In the next 10 years, West Texas’ Permian Basin will continue to dominate U.S. oil supply, according to a new production forecast from an oil and gas consultancy.
The Permian Basin is already one of the world’s leading oil producers, pumping roughly 3 million barrels per day. But by 2030, oil and gas consultancy Wood Mackenzie predict that will double to 6.3 million b/d. The firm expects the region would then account for more than 50 percent of the United State’s onshore production.
That boom is being driven by hydraulic fracturing which has opened up the region to even more oil production.
But there are hurdles to that growth, like the current lack of pipeline capacity to carry oil to export markets.

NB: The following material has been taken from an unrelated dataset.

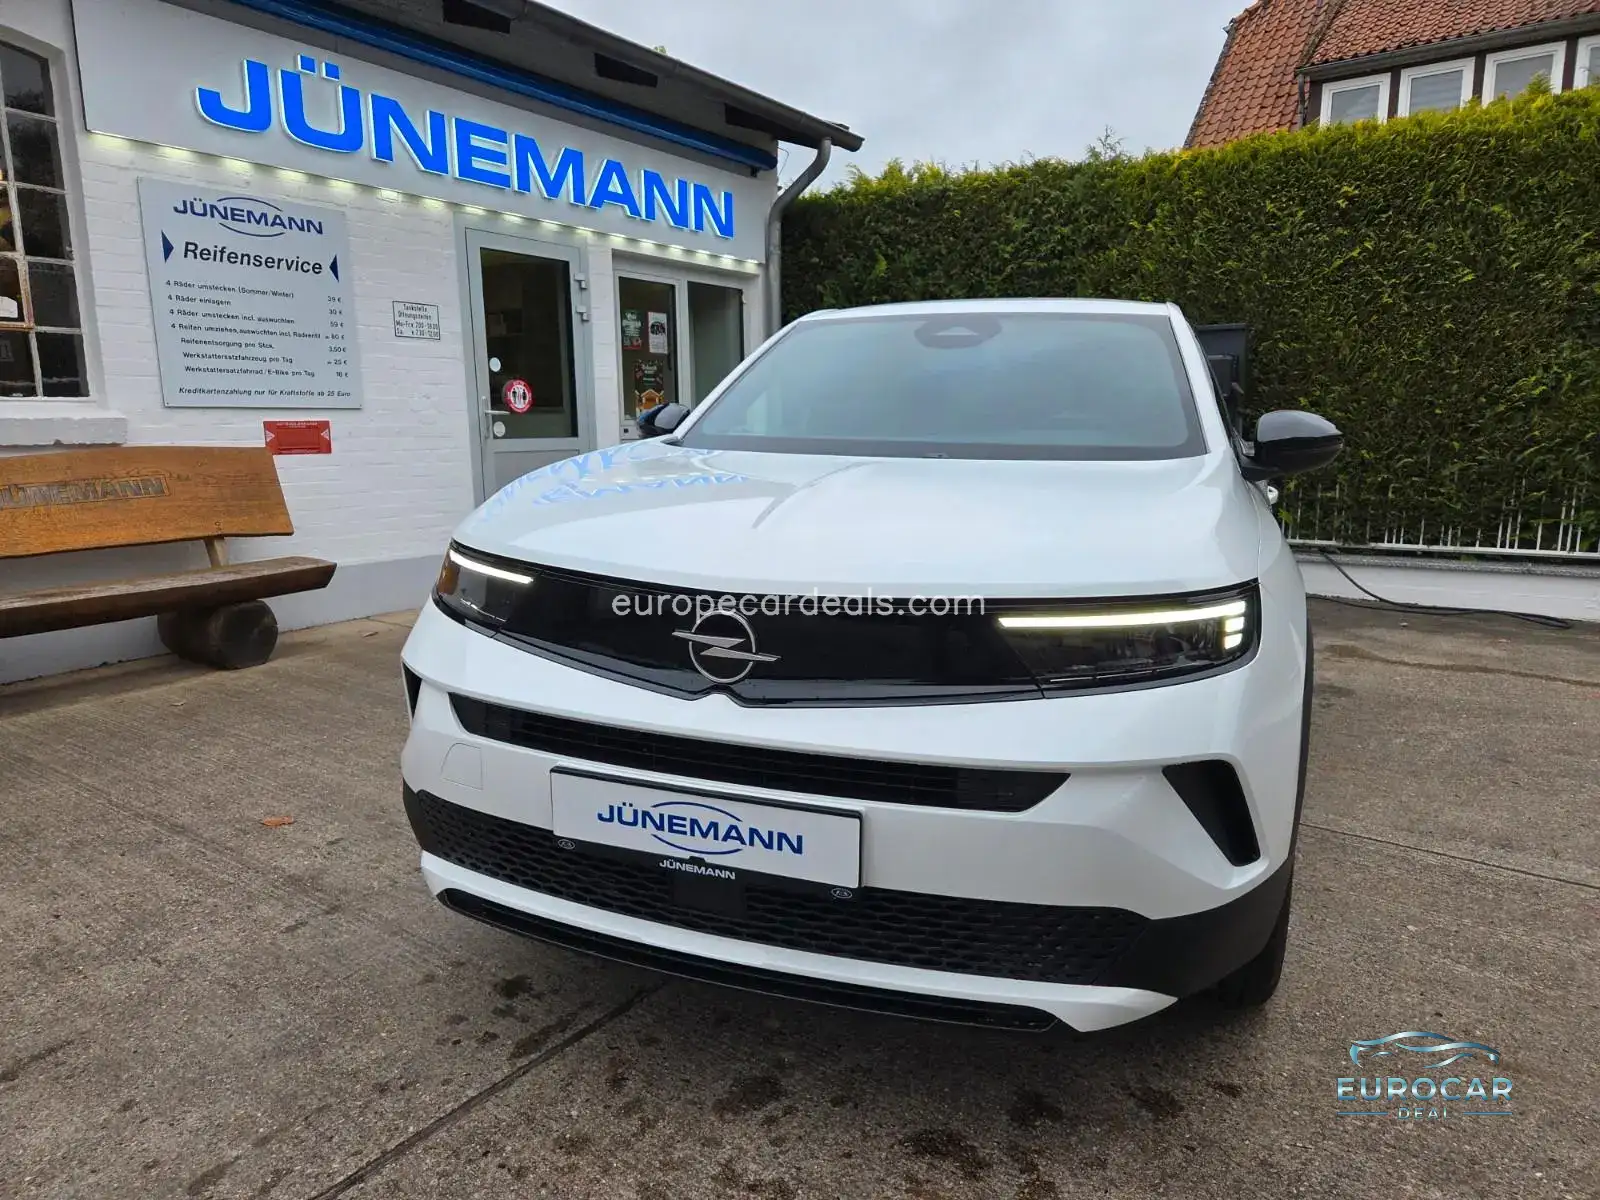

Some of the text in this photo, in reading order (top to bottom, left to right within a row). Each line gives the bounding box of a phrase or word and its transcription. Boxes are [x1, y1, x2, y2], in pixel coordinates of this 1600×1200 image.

“There’s some real constraints and operators will be required to slow down a bit,” said Wood Mackenzie’s Daniel Romero. “But once you get to the end of next year, so talking end of 2019 into 2020, there’s this really big fairway for production to expand.”
Romero says additional pipeline infrastructure is currently planned, which will help clear the bottleneck.
The expected growth in the Permian will ensure it’s dominance in oil production.
“It’s booming today, but we do, again, expect it to grow another 2 or 3 million barrels a day from here,” said Romero.”We’re kind of debating whether or not that’s more like 4 or 5 million barrels a day, which would perhaps be the biggest oil boom in the history of America potentially.”
Water has also proven to be a unique challenge, according to the report. Costs associated with handling water, from its use in hydraulic fracturing to disposal, could slow productivity growth.
“The sheer volume of water produced today is staggering, and unit costs are expected to rise over time as simpler solutions are exhausted,” reads the report. “In turn, development costs are rising and, as a result of increased costs and pace of drilling, individual well productivity has stumbled year-on-year.”
Production in the Permian might peak by 2035, according to the report.